[Images for object localization]
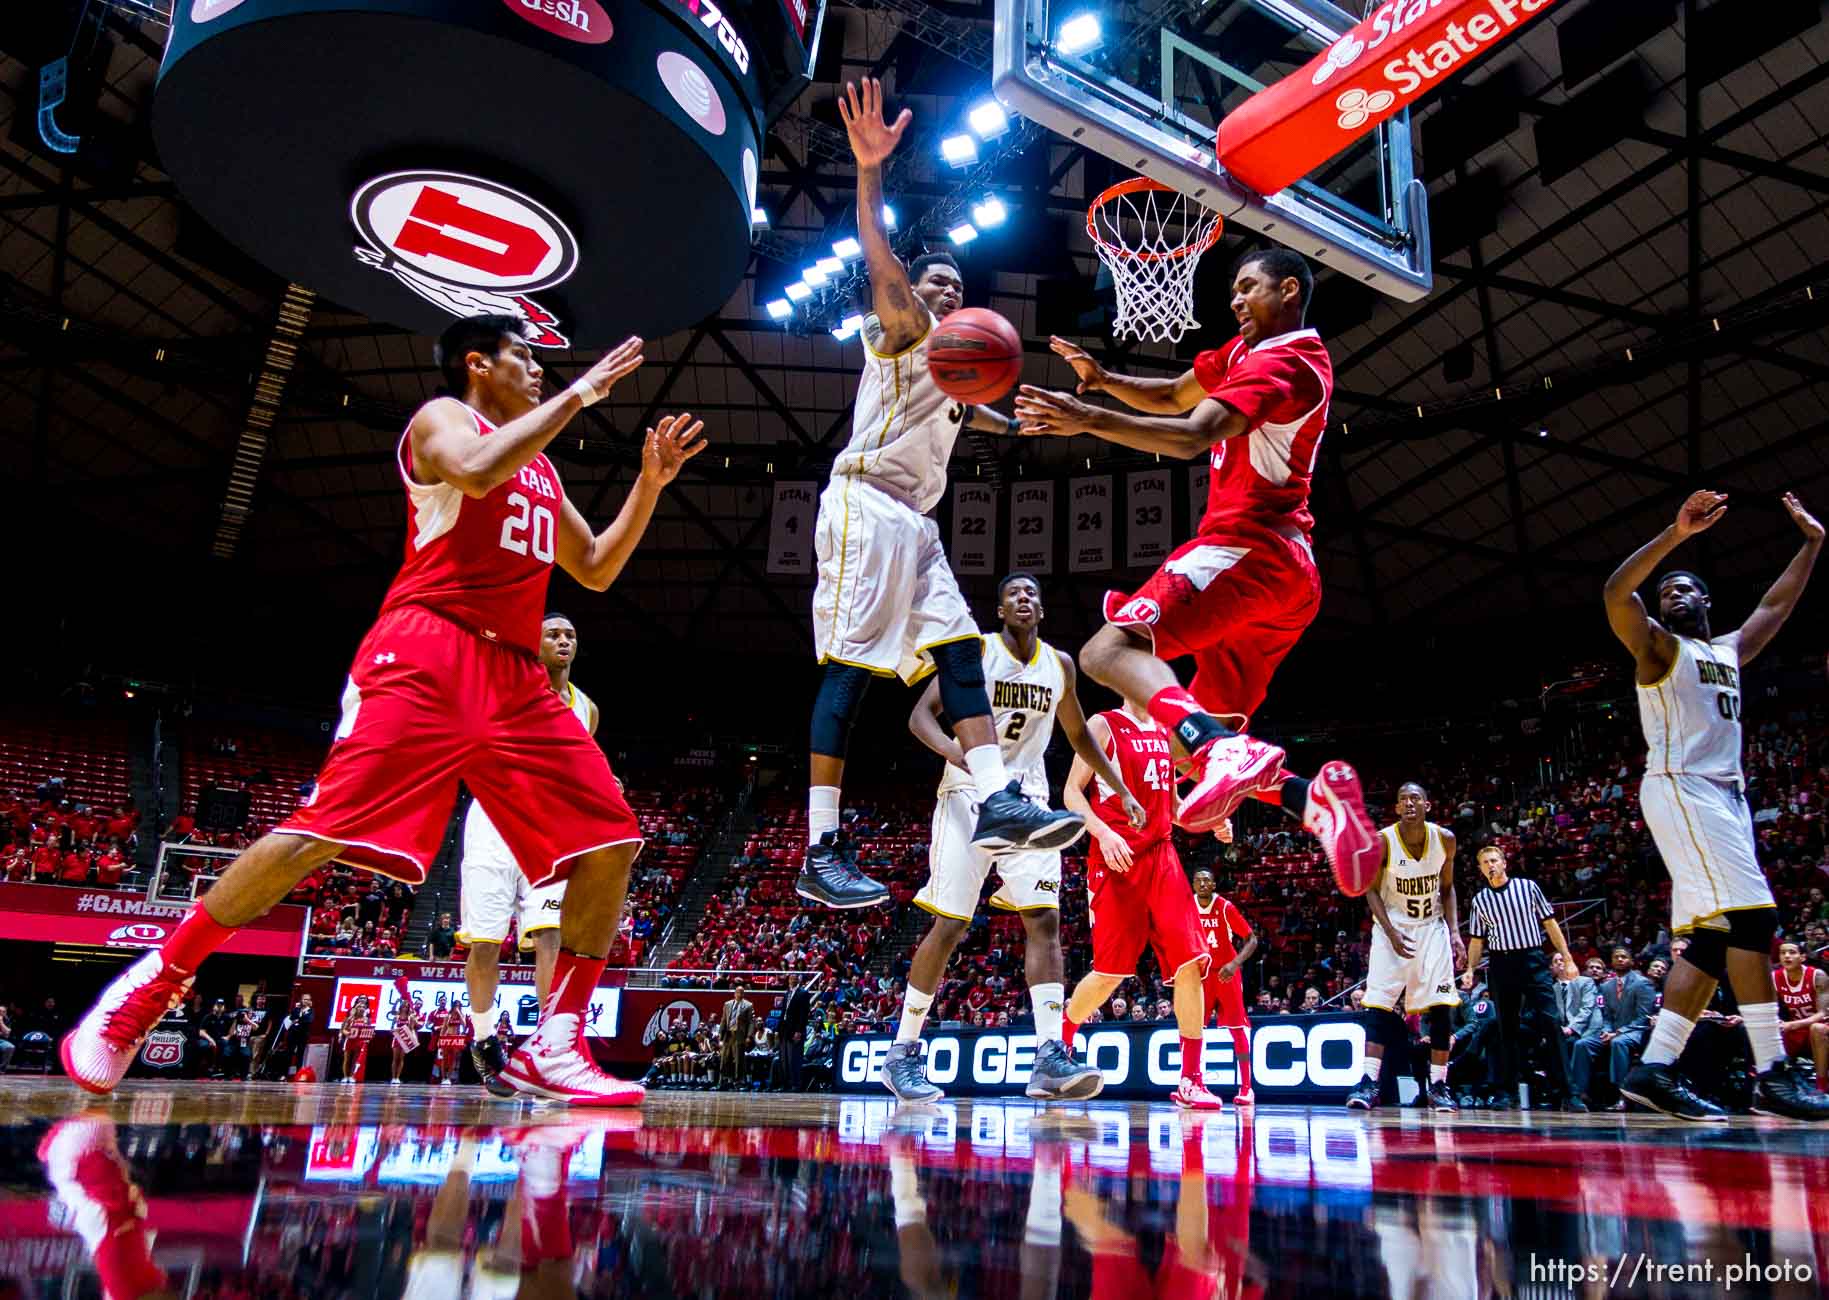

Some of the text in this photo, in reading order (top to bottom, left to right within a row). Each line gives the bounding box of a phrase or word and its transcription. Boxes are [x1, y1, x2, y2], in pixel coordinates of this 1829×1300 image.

[1368, 0, 1440, 48] Sta
[512, 464, 556, 500] TAH
[1134, 479, 1166, 493] UTAH
[779, 488, 812, 504] UTAH
[960, 489, 991, 503] UTAH
[1016, 488, 1048, 503] UTAH
[1075, 484, 1107, 498] UTAH
[1077, 512, 1102, 531] 24
[1135, 506, 1162, 526] 33
[499, 492, 555, 565] 20
[785, 516, 798, 535] 4
[960, 517, 987, 535] 22
[1018, 516, 1043, 535] 23
[992, 680, 1053, 713] HORNETS
[1004, 712, 1026, 741] 2
[1131, 739, 1169, 754] UTAH
[1143, 758, 1169, 791] 42
[1407, 898, 1433, 919] 52
[1200, 918, 1219, 928] TAH
[420, 967, 445, 978] WE
[511, 970, 536, 981] MUS
[1783, 994, 1812, 1005] UTAH
[152, 1035, 180, 1043] PHILLIPS
[440, 1038, 465, 1046] UTAH
[150, 1045, 176, 1060] 66

Task goal:
Each entry, start to finish, goes into your copy exactly; the pictures stay out.

Written answer:
Some of the text in this photo, in reading order (top to bottom, left to right within a row). Each line gives the bounding box of a phrase or word and its transcription. Boxes are [x1, y1, x2, y2], in pixel coordinates of this 1829×1300 image.

[1368, 0, 1440, 48] Sta
[512, 464, 556, 500] TAH
[1134, 479, 1166, 493] UTAH
[779, 488, 812, 504] UTAH
[960, 489, 991, 503] UTAH
[1016, 488, 1048, 503] UTAH
[1075, 484, 1107, 498] UTAH
[1077, 512, 1102, 531] 24
[1135, 506, 1162, 526] 33
[499, 492, 555, 565] 20
[785, 516, 798, 535] 4
[960, 517, 987, 535] 22
[1018, 516, 1043, 535] 23
[992, 680, 1053, 713] HORNETS
[1004, 712, 1026, 741] 2
[1131, 739, 1169, 754] UTAH
[1143, 758, 1169, 791] 42
[1407, 898, 1433, 919] 52
[1200, 918, 1219, 928] TAH
[420, 967, 445, 978] WE
[511, 970, 536, 981] MUS
[1783, 994, 1812, 1005] UTAH
[152, 1035, 180, 1043] PHILLIPS
[440, 1038, 465, 1046] UTAH
[150, 1045, 176, 1060] 66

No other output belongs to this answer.